Floyd is sitting on the edge of the bed, staring at the ground.
“I don’t want to deal with this.”
“Don’t, then. It’s not yours. Walk away. Go murder someone, it’ll make you feel better.”
Floyd doesn’t go. Instead he gets back under the covers, and motions for Rick to join him. It’s not tender and not angry. Instead, it feels hungry; Floyd devours him like a man half starved. Or a man not expecting to eat again.
Rick wakes up to find Floyd gone. Of course, he thinks. He has two more days left in this city; his friends from earlier in the week have told him they want to head north before things get too bad for hiking. He goes for a walk, gets breakfast, then comes back. The hotel owner grumbles at him about overnight guests in broken English. News doesn’t indicate that anyone’s been assassinated, so that’s a weight off his conscience. Finally, there’s June’s email to read.

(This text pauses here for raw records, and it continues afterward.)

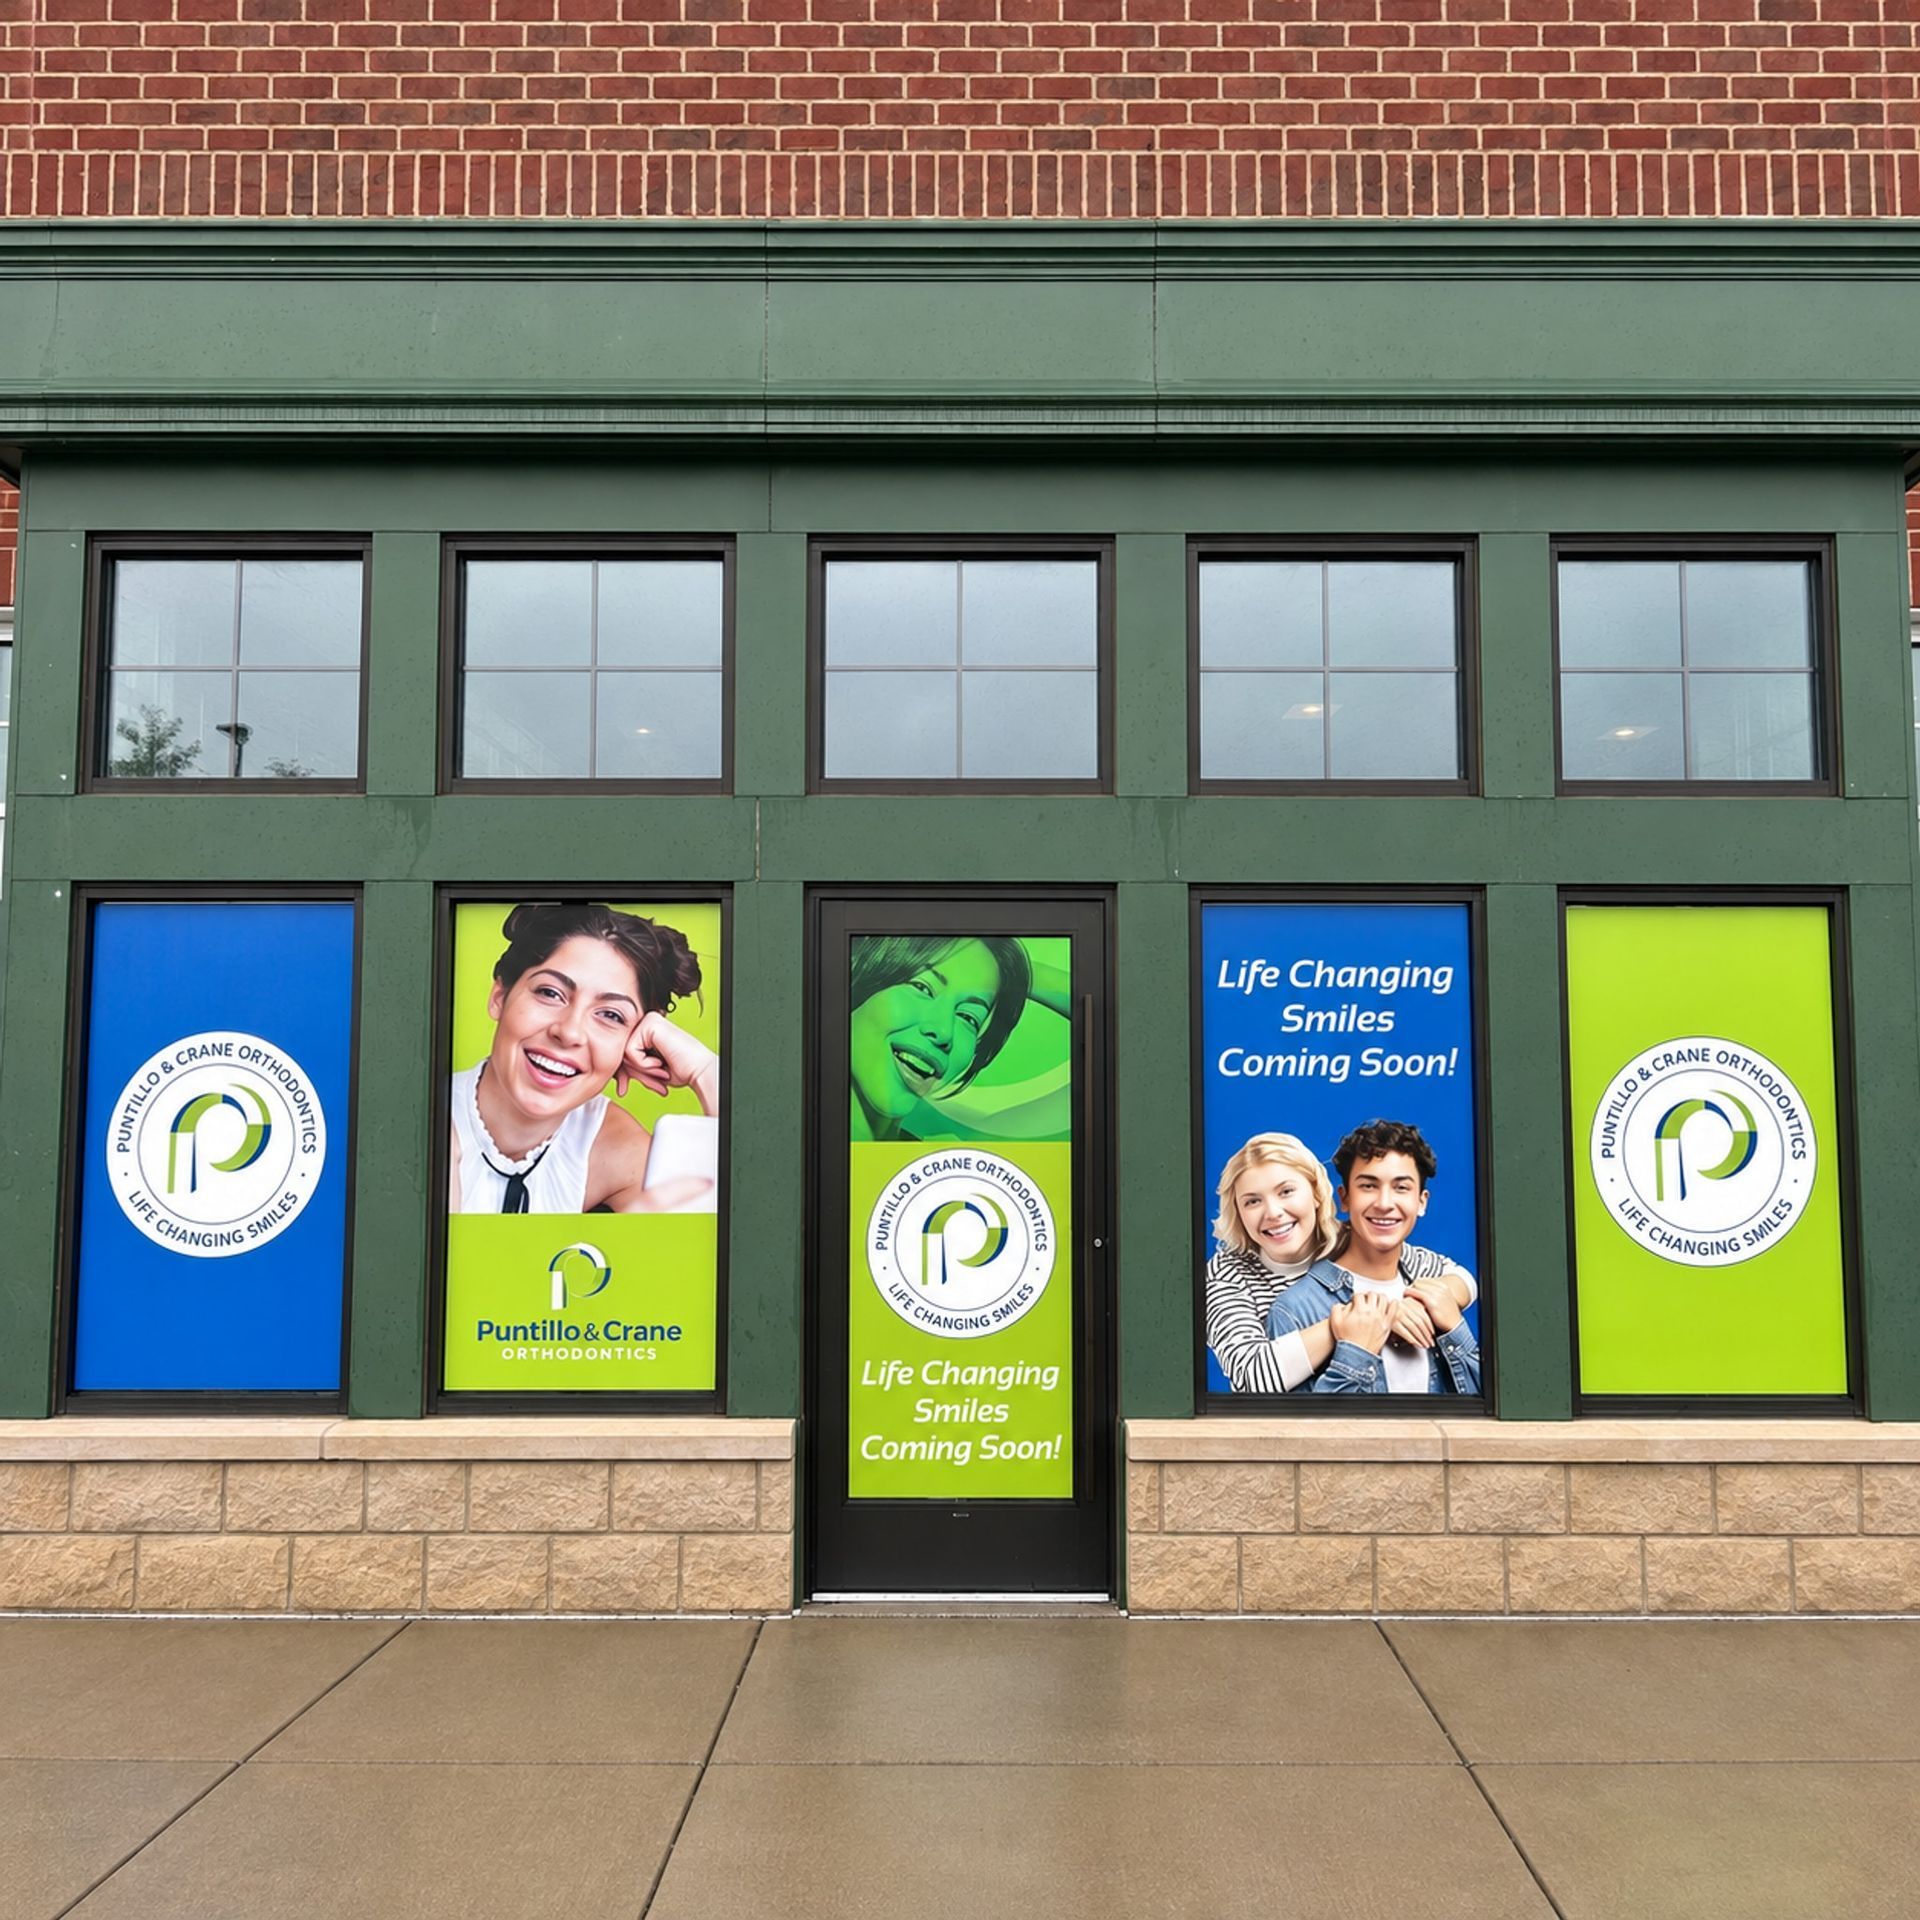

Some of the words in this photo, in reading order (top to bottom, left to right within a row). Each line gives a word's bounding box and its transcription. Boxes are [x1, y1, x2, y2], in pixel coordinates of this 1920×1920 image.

[1218, 960, 1280, 995] Life
[1289, 960, 1453, 995] Changing
[1281, 1004, 1395, 1032] Smiles
[1218, 1048, 1351, 1083] Coming
[1359, 1047, 1458, 1076] Soon!
[117, 1071, 160, 1153] PUNTILLO
[161, 1061, 175, 1074] &
[175, 1042, 234, 1066] CRANE
[238, 1045, 316, 1154] ORTHODONTICS
[1601, 1078, 1639, 1159] PUNTILLO
[1638, 1067, 1653, 1081] &
[1652, 1048, 1710, 1072] CRANE
[1716, 1050, 1806, 1160] ORTHODONTICS
[128, 1190, 158, 1223] LIFE
[156, 1218, 245, 1247] CHANGING
[247, 1191, 298, 1239] SMILES
[875, 1182, 910, 1251] PUNTILLO
[911, 1173, 922, 1184] &
[923, 1157, 972, 1177] CRANE
[976, 1160, 1047, 1251] ORTHODONTICS
[1618, 1198, 1650, 1231] LIFE
[1649, 1226, 1741, 1256] CHANGING
[1743, 1198, 1793, 1247] SMILES
[888, 1283, 915, 1310] LIFE
[914, 1306, 990, 1330] CHANGING
[992, 1284, 1034, 1322] SMILES
[477, 1320, 580, 1342] Puntillo
[584, 1322, 600, 1342] &
[603, 1320, 682, 1342] Crane
[501, 1347, 657, 1360] ORTHODONTICS
[862, 1360, 913, 1391] Life
[921, 1360, 1059, 1391] Changing
[914, 1398, 1009, 1423] Smiles
[861, 1435, 972, 1466] Coming
[980, 1434, 1062, 1461] Soon!

More poetry by the look of it.
“This is not Love, perhaps,
Love that lays down its life,
that many waters cannot quench,
nor the floods drown,
But something written in lighter ink,
said in a lower tone, something, perhaps, especially our own.
A need, at times, to be together and talk,
And then the finding we can walk
More firmly through dark narrow places,
And meet more easily nightmare faces;
A need to reach out, sometimes, hand to hand,
And then find Earth less like an alien land;
A need for alliance to defeat
The whisperers at the corner of the street.
A need for inns on roads, islands in seas,
Halts for discoveries to be shared,
Maps checked, notes compared;
A need, at times, of each for each,
Direct as the need of throat and tongue for speech.
Arthur Seymour John Tessimond.”
Jesus, what can you say to that?
Snow blocks the airports, keeps all those diplomats penned in, sniping at each other, paranoia growing. Someone does get shot, although Rick won’t hear about it until a week later. He’s up in the snow, his with his new friends. They’re good kids. The Northern Lights - he lacks the words to articulate what he feels when he sees them. He wonders if he can find something to send back to June, borrow someone else’s words. Pictures will never do it justice. He wonders if he’ll be able to take June’s little boy - due in Spring, safely named Matthew, after her father - to see this one day. Right now, though, it’s enough to just be here himself.
If he ever sees Floyd Lawton again, he’ll only need to say one thing:
Go see the Northern Lights. Take Zoe. It’ll be the one thing you do that I promise you you’ll never regret.